Why It Matters in NHI Security
When the distinction is blurred, organisations often lose attribution, create duplicate records, and widen the blast radius of compromised secrets. A prompt-driven agent or over-permissioned service account can mutate authoritative data without the review path that a system of record was meant to enforce. That is a direct governance problem, not just a UX issue, because write access in the wrong layer undermines audit trails, incident response, and rollback. It also makes PAM and RBAC enforcement harder, since access policy becomes scattered across multiple interfaces instead of concentrated at the record boundary. The risk is amplified in environments with poor secret hygiene: NHI Mgmt Group reports that 97% of NHIs carry excessive privileges, increasing unauthorised access and broadening the attack surface, as documented in the Ultimate Guide to NHIs. That finding is especially relevant when a system of interaction is allowed to act as if it were authoritative. Organ organisations typically encounter the need to separate record and interaction layers only after an erroneous agent write, a secrets leak, or an access review exposes that no clear source of truth existed.

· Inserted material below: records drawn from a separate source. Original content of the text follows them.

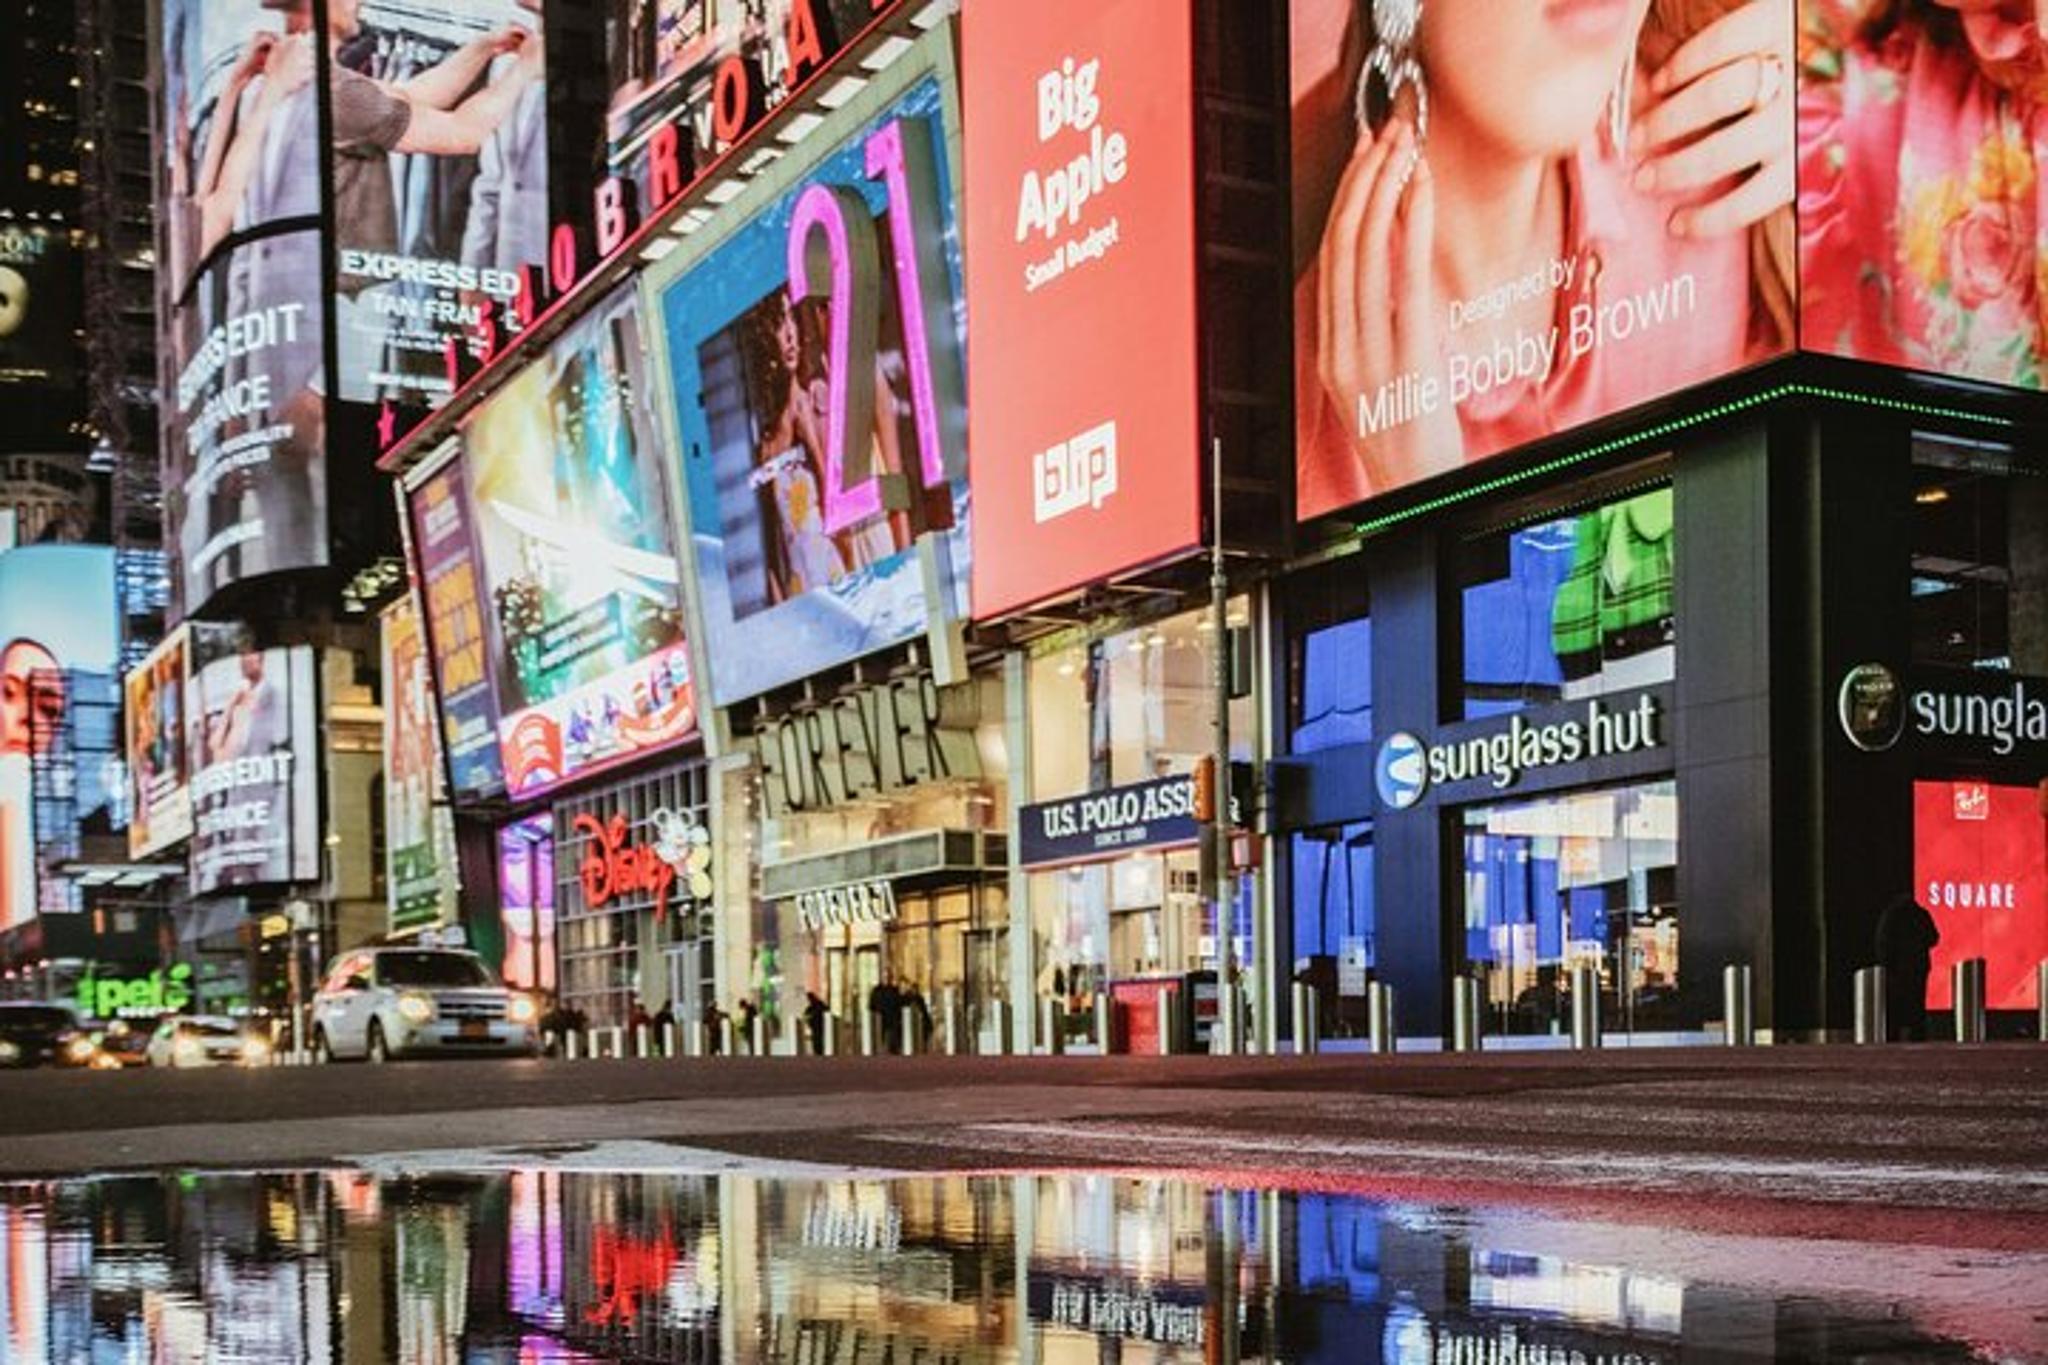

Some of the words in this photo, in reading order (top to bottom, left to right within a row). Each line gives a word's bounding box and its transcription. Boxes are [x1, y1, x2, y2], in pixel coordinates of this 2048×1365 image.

[1038, 57, 1101, 141] Big
[1015, 123, 1128, 243] Apple
[340, 250, 477, 291] EXPRESS
[1024, 246, 1065, 292] Small
[1066, 217, 1119, 268] Budget
[1450, 271, 1546, 330] Designed
[1550, 254, 1578, 291] by
[227, 303, 304, 357] EDIT
[373, 292, 418, 318] TAN
[787, 117, 944, 537] 21
[1357, 369, 1439, 438] Millie
[1450, 325, 1559, 404] Bobby
[1570, 272, 1696, 357] Brown
[753, 667, 952, 820] FOREVER
[1428, 714, 1582, 788] sunglass
[1588, 693, 1657, 757] hut
[1042, 805, 1079, 839] U.S.
[1080, 792, 1139, 832] POLO
[1928, 880, 2016, 909] SQUARE
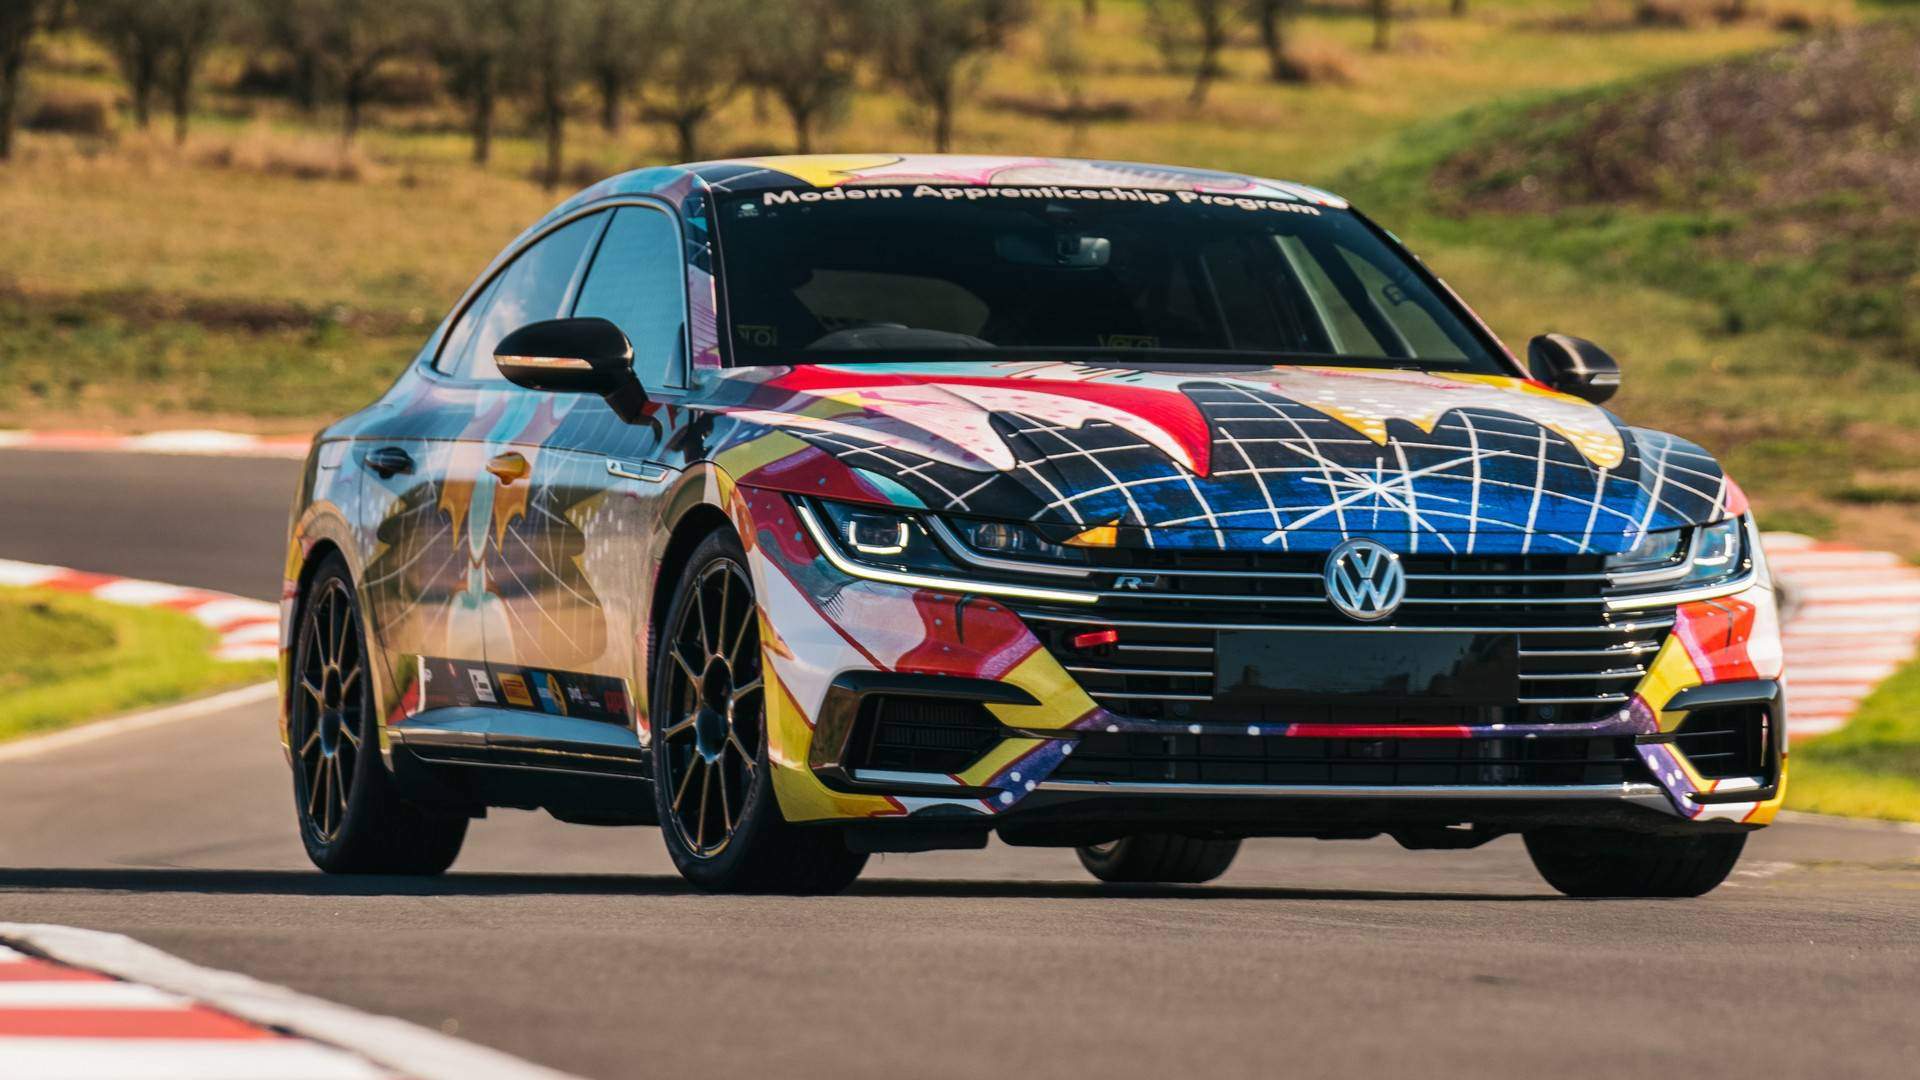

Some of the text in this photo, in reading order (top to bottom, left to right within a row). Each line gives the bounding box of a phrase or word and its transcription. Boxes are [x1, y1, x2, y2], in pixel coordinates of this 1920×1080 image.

[763, 184, 1322, 216] Modern Apprenticeship Program
[1334, 548, 1401, 612] VW

Standards & Framework Alignment
This section maps relevant standards and security frameworks to the operational risks and controls described in this guidance.
OWASP Non-Human Identity Top 10 address the attack and risk surface, while NIST CSF 2.0 and NIST Zero Trust (SP 800-207) set the governance and control requirements practitioners need to meet.
| Framework | Control / Reference | Relevance |
|---|---|---|
| NIST CSF 2.0 | PR.AC-4 | Access control and least privilege depend on clear record-vs-interaction boundaries. |
| NIST Zero Trust (SP 800-207) | Zero Trust requires verifying each transaction, not trusting the interaction layer by default. | |
| OWASP Non-Human Identity Top 10 | NHI-02 | Secret and privilege management are central when agents can write to systems of record. |
Constrain write actions to authoritative records and review entitlements for each interaction layer.